Spark/catalyst | Postgres/Greenplum | Java/Scala |
---|---|---|
StringType | TEXT or VARCHAR(long_enough) | String |
StringType | UUID * |
String |
IntegerType | INTEGER | Int |
LongType | BIGINT | java.math.BigInteger |
DoubleType | DOUBLE PRECISION | Double |
FloatType | REAL | Double |
ShortType | INTEGER | Int |
ByteType | BYTE | Int |
BooleanType | BIT(1) | Boolean |
BooleanType | BOOLEAN | Boolean |
BinaryType | BYTEA | Array[byte] |
TimestampType | TIMESTAMP | java.sql.Timestamp |
DateType | DATE | java.sql.Date |
DecimalType | DECIMAL(precision,scale) | java.math.BigInteger |
StringType | BIT(n), VARBIT ** |
String |
StringType | GEOMETRY *** |
String |
StringType | JSON | String |
*
For existing Greenplum table containing a column of the corresponding type
**
Total row size including all fields up to 64k
***
PostGIS GEOMETRY. See http://postgis.net/workshops/postgis-intro/geometries.html
- With short (few bytes in size) records - up to 100000 rows per second read or write throughput is achievable per Greenplum segment.

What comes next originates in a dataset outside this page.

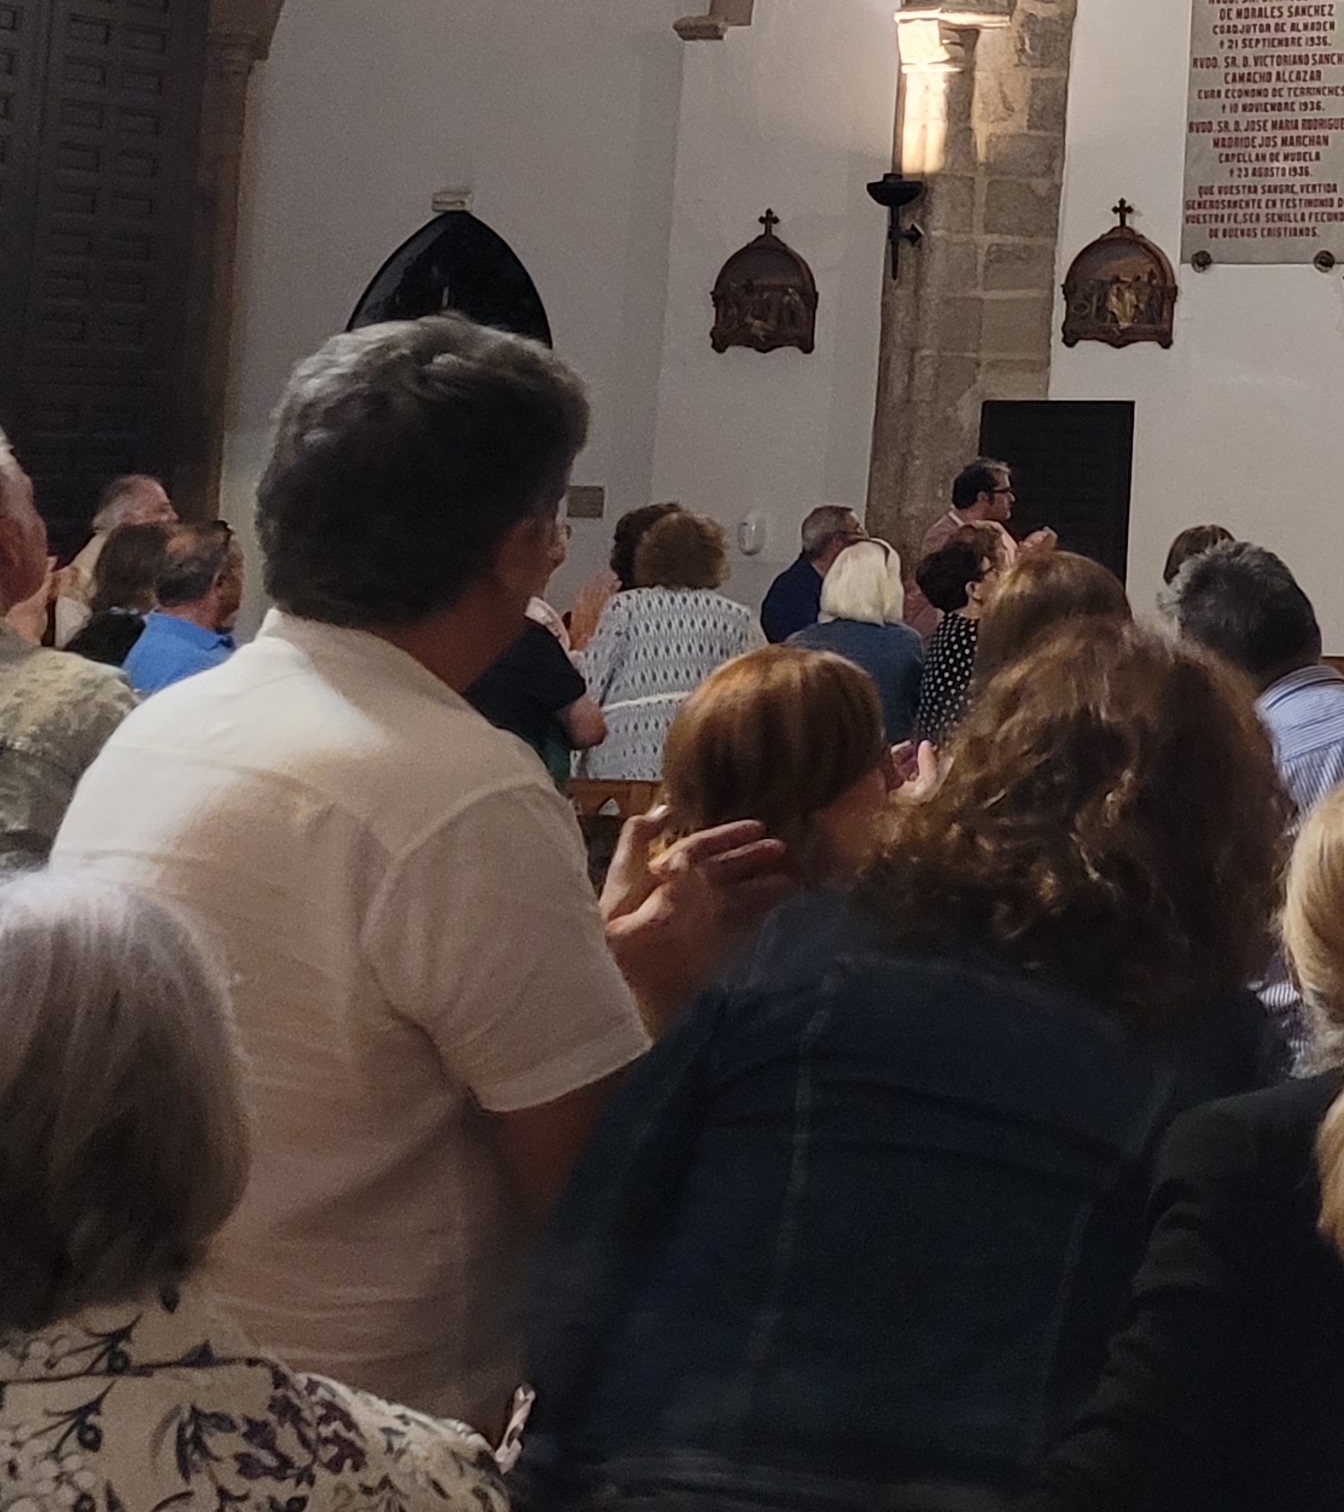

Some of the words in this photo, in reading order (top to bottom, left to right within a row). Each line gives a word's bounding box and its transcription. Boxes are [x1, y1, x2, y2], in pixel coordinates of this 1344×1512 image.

- With large rows (10K bytes per record and more) - about 10..20 Mb per second read or write throughput is achievable per Greenplum segment.
- Depending on the batch size, sub-second latency and micro-batch interval can be achieved in stream applications.
- With write operations specifying mode("append") or mode("overwrite") explicitly is mandatory, otherwise "Operation is not supported" error will be thrown.
- Number of executors available to the application must be not greater than the number of Greenplum primary segments. Look your cluster manager documentation on how to limit the number of executors.